Annotated photo localization data

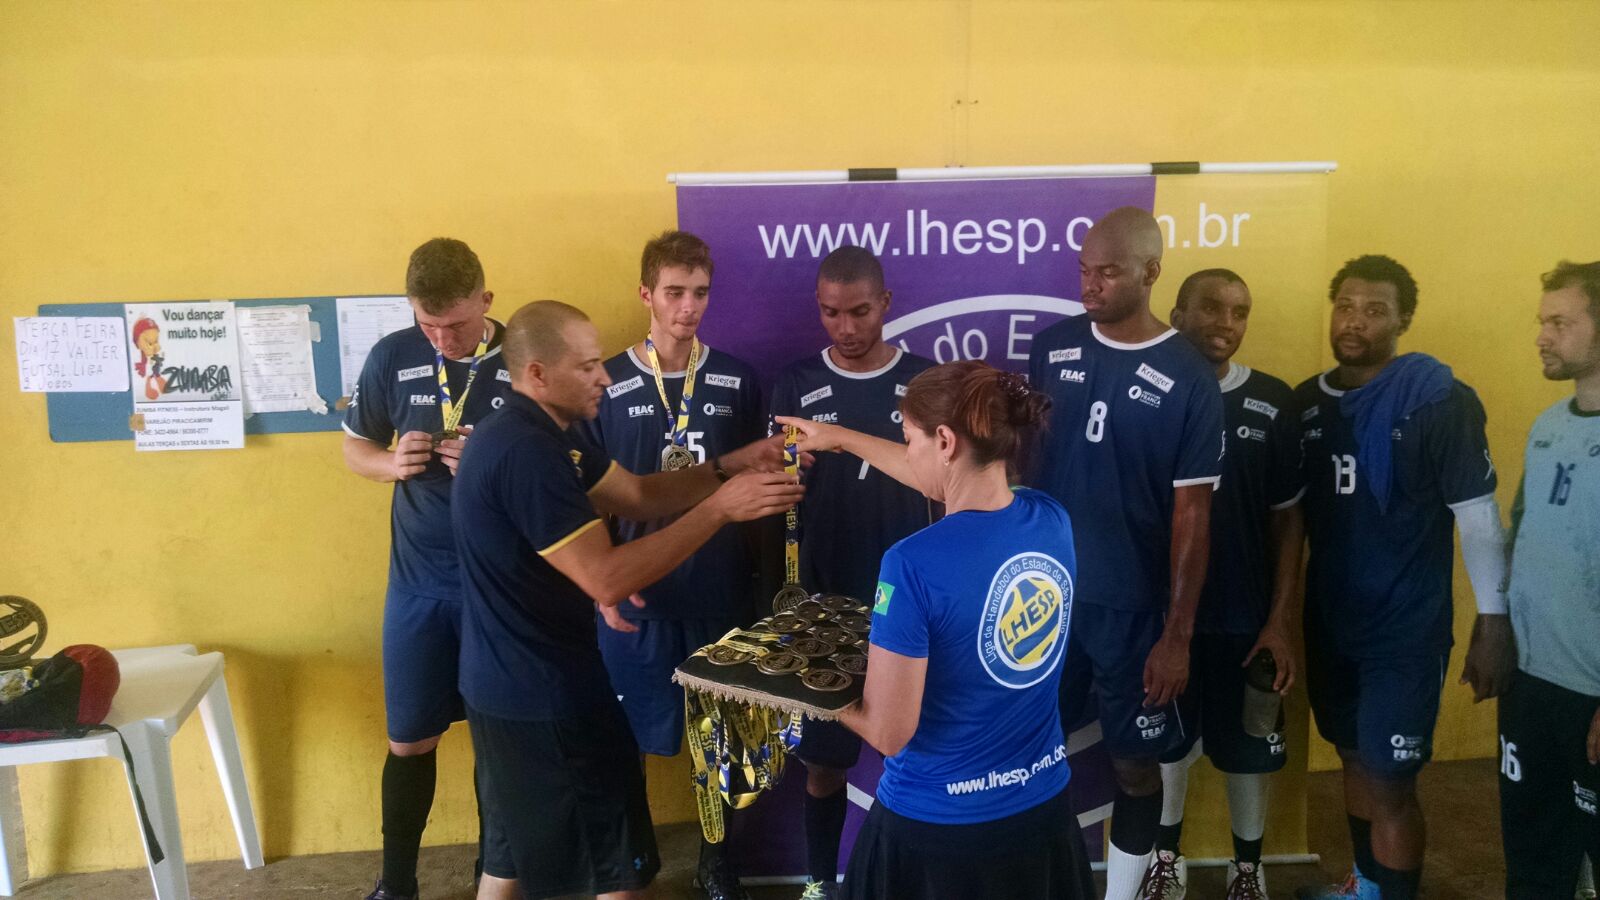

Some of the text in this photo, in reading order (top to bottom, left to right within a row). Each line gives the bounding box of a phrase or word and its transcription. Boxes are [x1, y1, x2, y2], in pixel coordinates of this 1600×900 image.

[757, 202, 1250, 265] www.lhesp.c.br
[162, 309, 184, 320] Vou
[186, 308, 224, 324] dançar
[75, 317, 117, 339] FEIRA
[168, 327, 198, 339] muito
[200, 326, 226, 342] hoje!
[933, 322, 988, 364] do
[1052, 350, 1077, 358] Krieger
[161, 364, 232, 394] ZUMBA
[400, 366, 431, 378] Krieger
[1060, 368, 1086, 380] FEAC
[1140, 366, 1171, 388] Krieger
[608, 378, 640, 395] Krieger
[708, 376, 738, 388] Krieger
[410, 394, 436, 404] FEAC
[802, 387, 830, 404] Krieger
[628, 404, 655, 416] FEAC
[812, 412, 838, 422] FEAC
[1085, 400, 1108, 443] 8
[1332, 454, 1357, 494] 13
[1548, 462, 1576, 506] 16
[1010, 563, 1020, 576] do
[1022, 558, 1052, 576] Estado
[1052, 568, 1062, 582] de
[986, 570, 1011, 622] Handebol
[1002, 589, 1055, 646] LHESP
[984, 626, 994, 638] de
[984, 640, 998, 664] Liga
[1500, 734, 1522, 782] 16
[946, 744, 1066, 795] www.lhesp.com.br
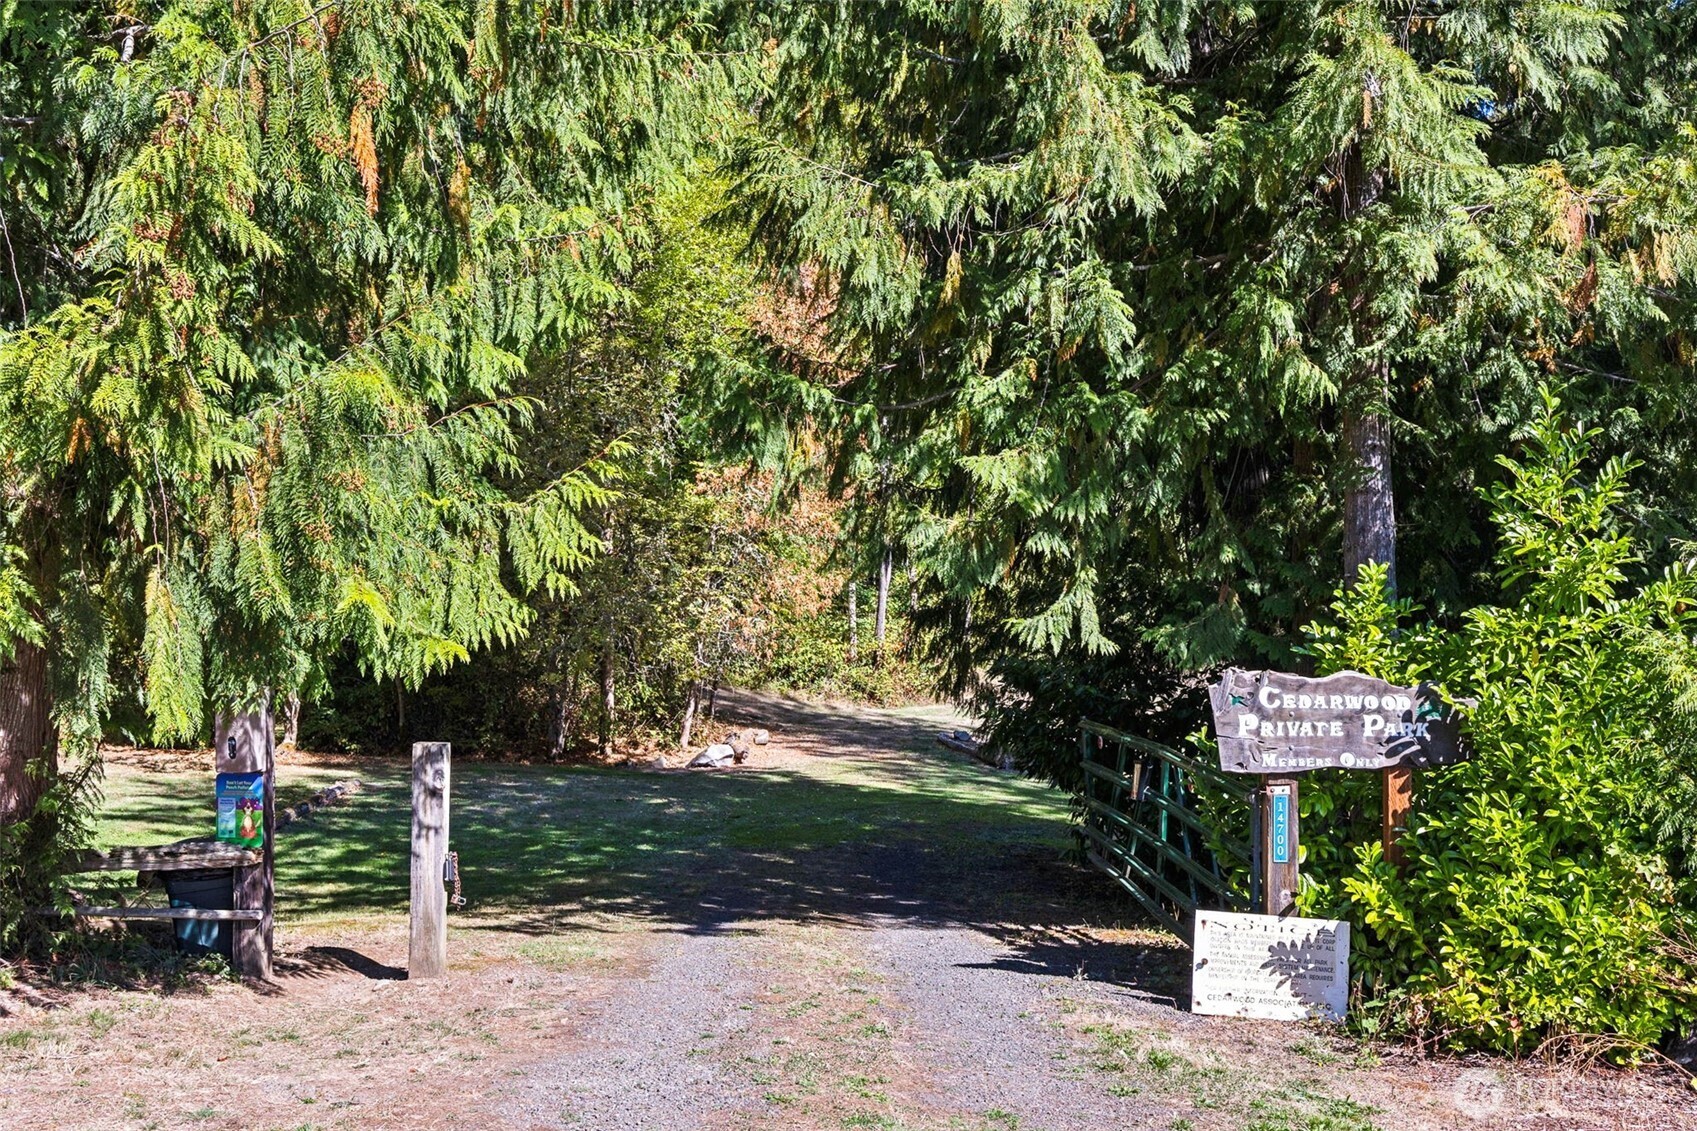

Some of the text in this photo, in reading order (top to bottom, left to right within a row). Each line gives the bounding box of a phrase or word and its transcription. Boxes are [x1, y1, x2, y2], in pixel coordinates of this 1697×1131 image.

[1259, 687, 1411, 711] CEDARWOOD
[1238, 713, 1429, 738] PRIVATE PARK
[1262, 752, 1380, 768] MEMBERS ONLY
[1276, 802, 1284, 856] 14700
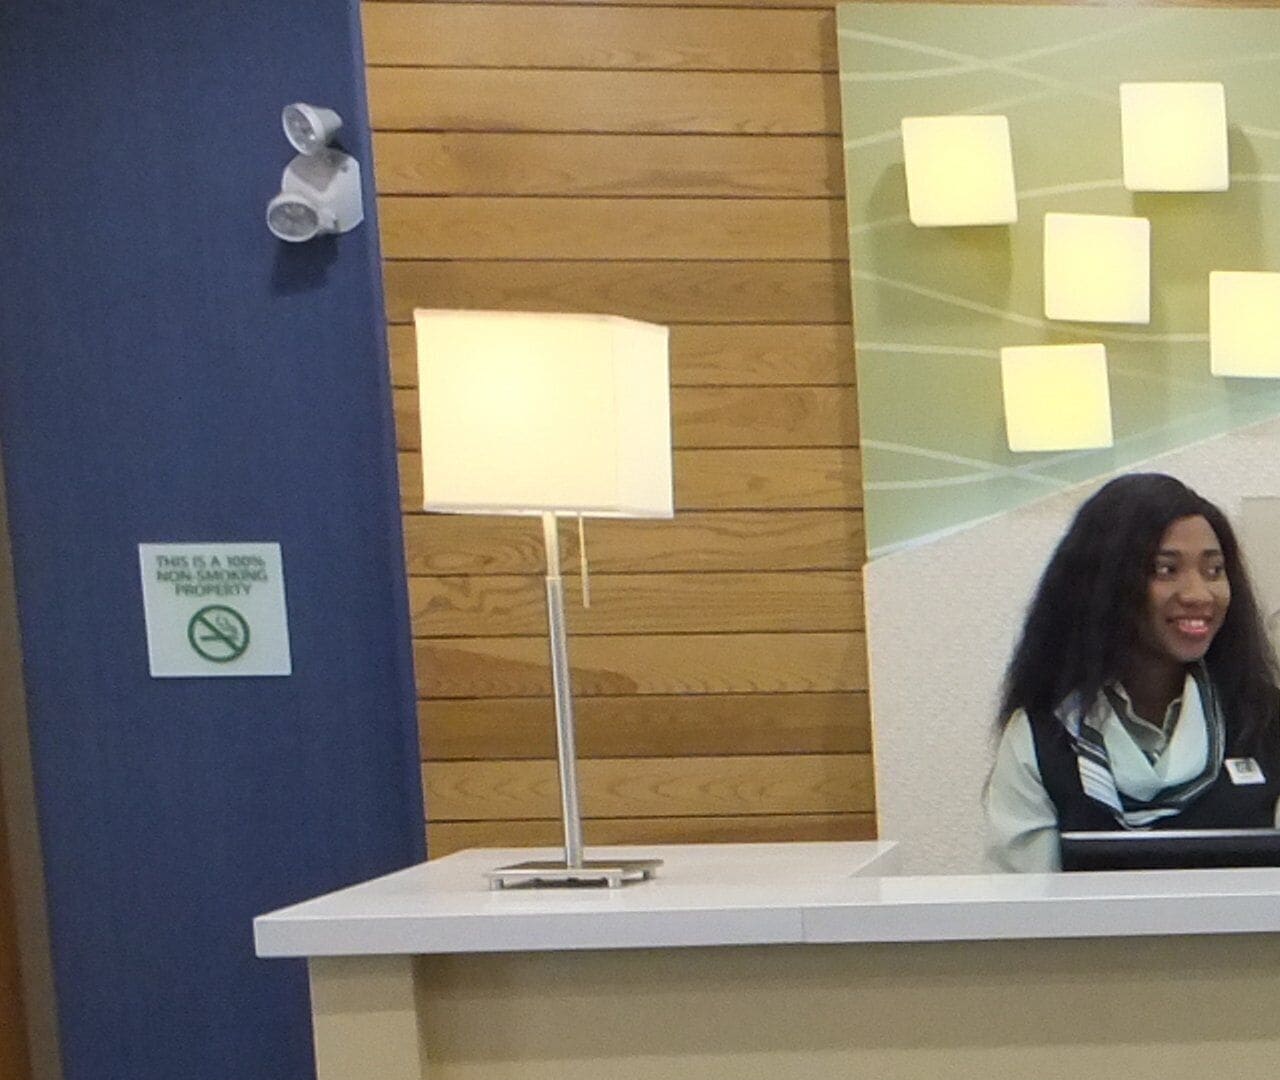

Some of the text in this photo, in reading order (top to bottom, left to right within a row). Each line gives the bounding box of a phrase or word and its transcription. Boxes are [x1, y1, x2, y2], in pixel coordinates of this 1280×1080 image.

EXERCISE DIRECTIONS:
Give the records back exactly, with no pictures.

REPLY:
Some of the text in this photo, in reading order (top to bottom, left to right within a row). Each line gives the bounding box of a phrase or word and its transcription. Boxes are [x1, y1, x2, y2], in pixel coordinates of this 1600×900 image.

[757, 202, 1250, 265] www.lhesp.c.br
[162, 309, 184, 320] Vou
[186, 308, 224, 324] dançar
[75, 317, 117, 339] FEIRA
[168, 327, 198, 339] muito
[200, 326, 226, 342] hoje!
[933, 322, 988, 364] do
[1052, 350, 1077, 358] Krieger
[161, 364, 232, 394] ZUMBA
[400, 366, 431, 378] Krieger
[1060, 368, 1086, 380] FEAC
[1140, 366, 1171, 388] Krieger
[608, 378, 640, 395] Krieger
[708, 376, 738, 388] Krieger
[410, 394, 436, 404] FEAC
[802, 387, 830, 404] Krieger
[628, 404, 655, 416] FEAC
[812, 412, 838, 422] FEAC
[1085, 400, 1108, 443] 8
[1332, 454, 1357, 494] 13
[1548, 462, 1576, 506] 16
[1010, 563, 1020, 576] do
[1022, 558, 1052, 576] Estado
[1052, 568, 1062, 582] de
[986, 570, 1011, 622] Handebol
[1002, 589, 1055, 646] LHESP
[984, 626, 994, 638] de
[984, 640, 998, 664] Liga
[1500, 734, 1522, 782] 16
[946, 744, 1066, 795] www.lhesp.com.br

Some of the text in this photo, in reading order (top to bottom, left to right within a row). Each line gives the bounding box of a phrase or word and its transcription. Boxes are [x1, y1, x2, y2], in pixel coordinates of this 1697×1131 image.

[1259, 687, 1411, 711] CEDARWOOD
[1238, 713, 1429, 738] PRIVATE PARK
[1262, 752, 1380, 768] MEMBERS ONLY
[1276, 802, 1284, 856] 14700

Some of the text in this photo, in reading order (top to bottom, left to right within a row). Each line gives the bounding box of a phrase or word and its transcription. Boxes are [x1, y1, x2, y2], in pixel coordinates of this 1280×1080 image.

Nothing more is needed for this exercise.